With that in mind, it really depends what the priority and goal is, something that needs to be set by product management. e.g. is it deliver on promised dates? is to deliver functionality when available? Reality with customers is that it will be probably promised dates just because this is how sales and customers work. With that in mind, requirements need to be finetunes enough that there is a technical counter part with its compromises and specific scope to code and test for that can be estimated to be delivered on a specific date. When the previous vary, then this goal is compromised. It is a well known fact in the industry that terms are used however everyone wants. So with that in mind, my number one concern for an engineering team is that the goals for the "next" release are clear and the estimations are realistic to achieve. Any perceived wasted time in preparation for this, that is requirements definition, user stories, ux etc, is there to achieve the promised date with quality. And all this needs to be adjusted to the people of the team. Do you work with top devs? Do you work with long term internals? Do you want to scale on demand with externals?
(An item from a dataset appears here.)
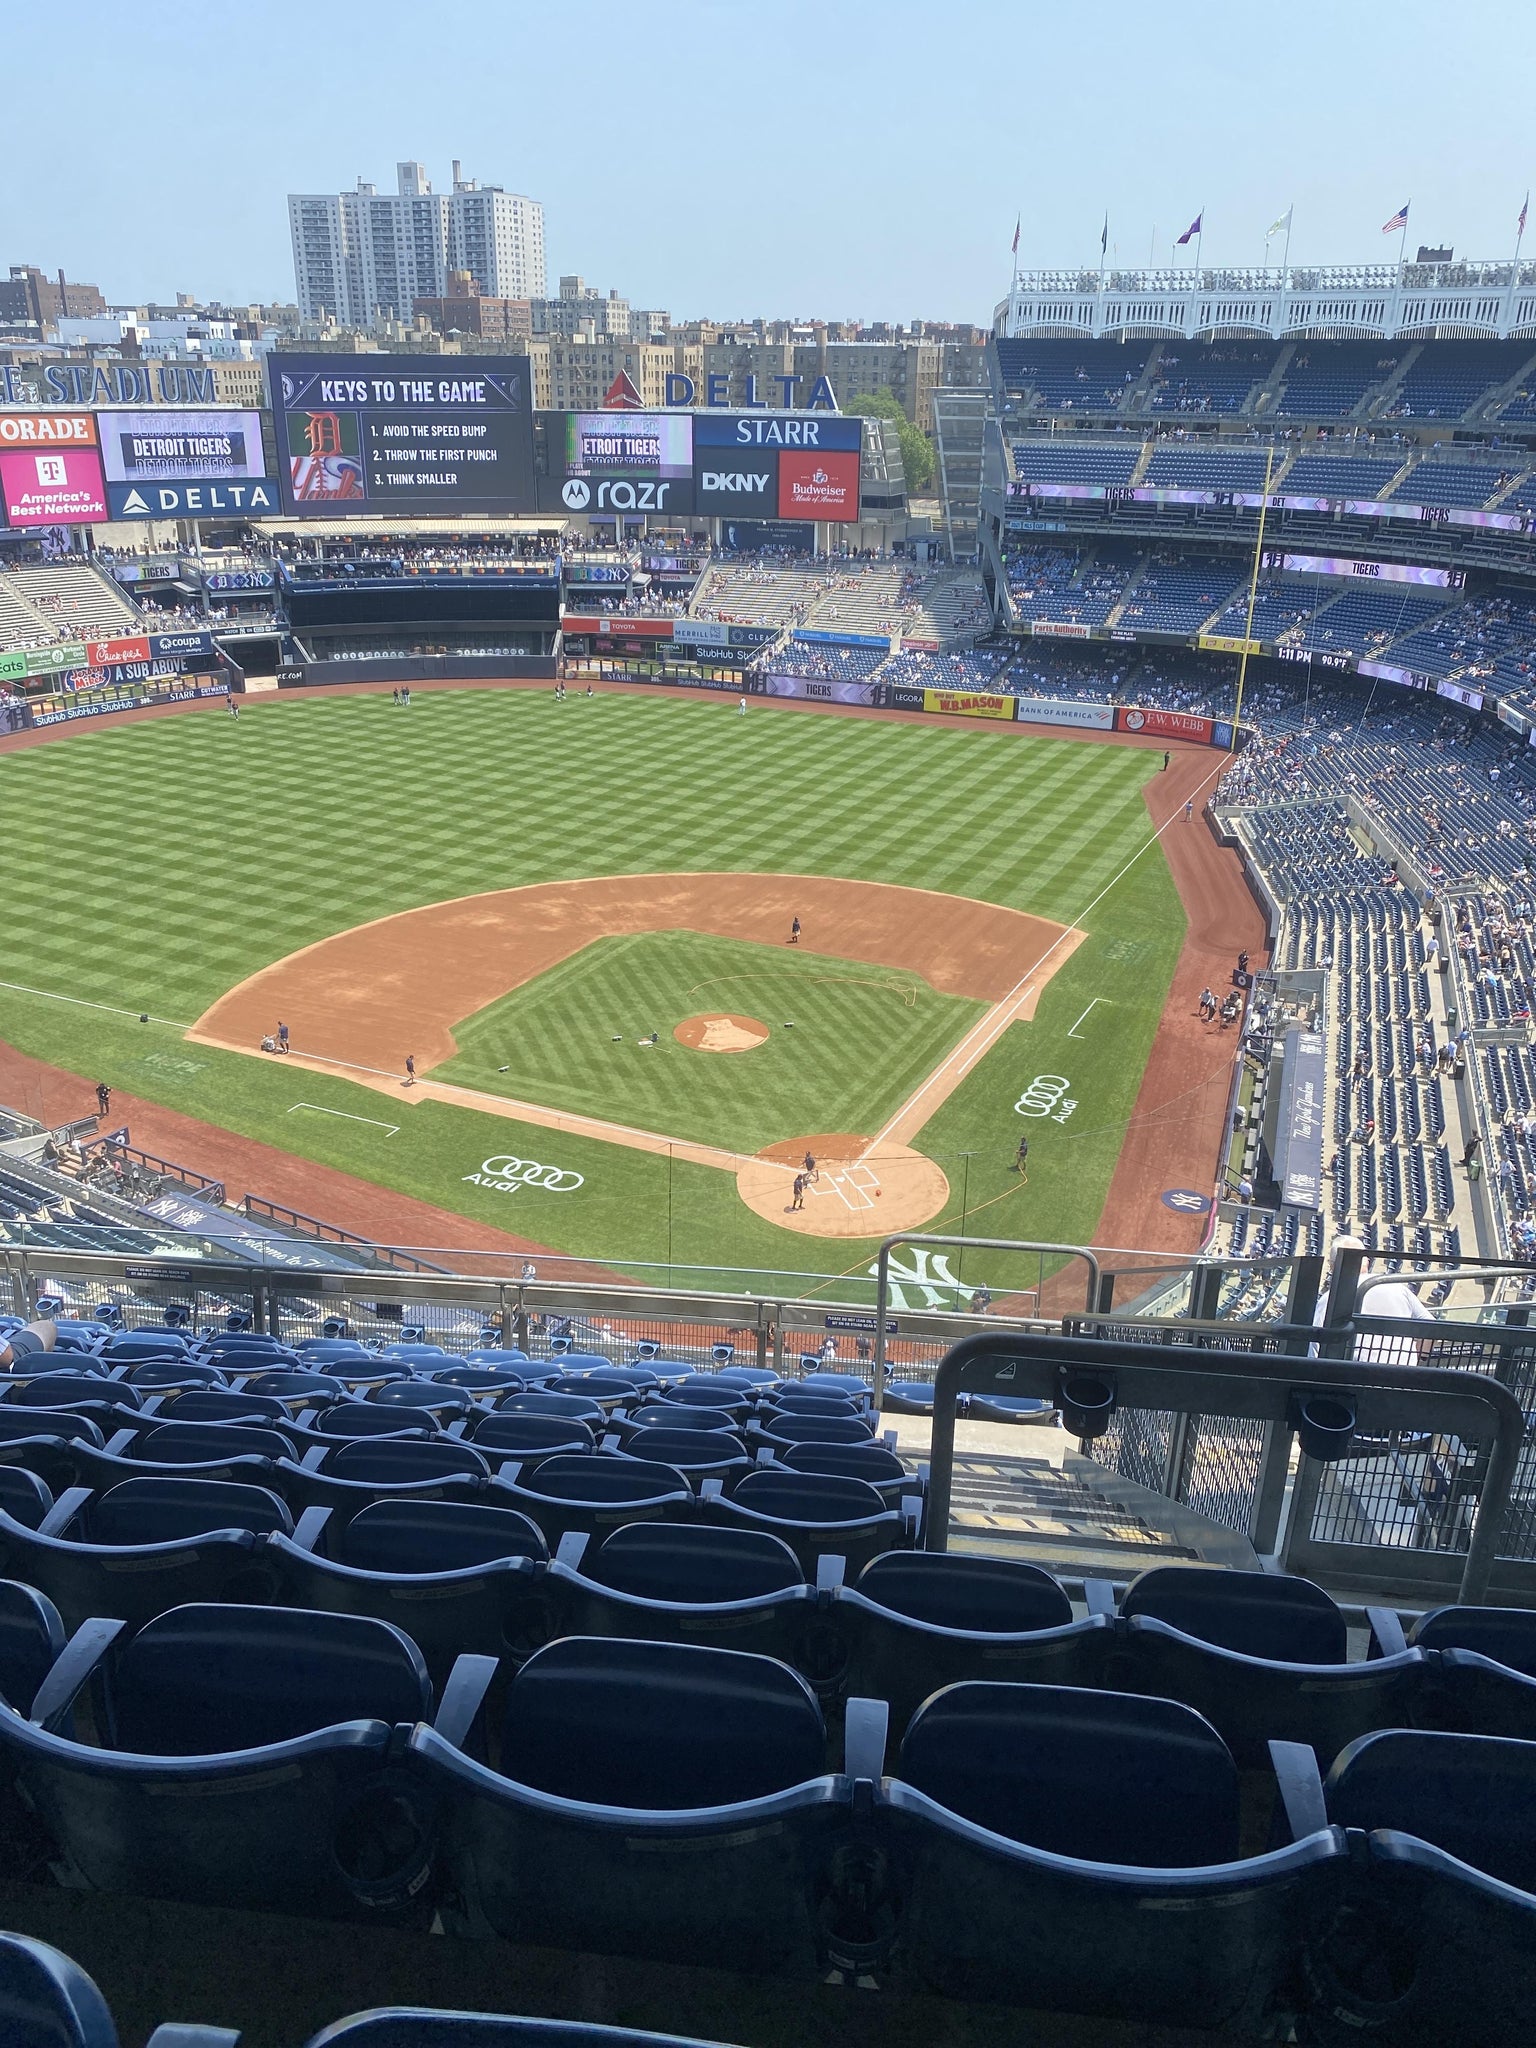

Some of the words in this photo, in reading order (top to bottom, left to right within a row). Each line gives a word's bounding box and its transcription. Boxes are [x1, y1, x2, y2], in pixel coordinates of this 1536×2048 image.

My point is that theory is nice and don't get me wrong interesting to follow. Reality though forces messy situations and a compromise is needed. But the biggest issue of them all is not having a well defined set of higher goals and restrictions for the how the team works. e.g. Delivery dates, security requirements etc etc.
Don't confuse the culture you are exposed to, as industry reality. There is a difference between writing code, and being a software developer/engineer. Beginners are expected to require direction, but not experienced developers. They need to master the art of creating software to solve problems, not merely write code. This is why we say "do you have 10 years experience, or 1 year repeated 10 times?"
The whole over-reliance on user stories irks me honestly. They are always overbroad and there's many times where either I had to gather further information, or I implemented something and no that's not what the author meant, at a certain point I really considered just implementing stuff that will fit into nothing that will check off the box just to see what'll happen. There were also times when I read it and all I could say was "What the fuck does this even mean?", "What the fuck is this trying to accomplish?", "Do you have literal brain damage because this sounds like a disaster waiting to happen.".
This happens especially when you are adding more functionality into an existing process flow because do you branch off from that, do you branch back in, or do you just make it a standalone flow that might just end up re-doing the same exact thing? Like why wasn't this just defined originally?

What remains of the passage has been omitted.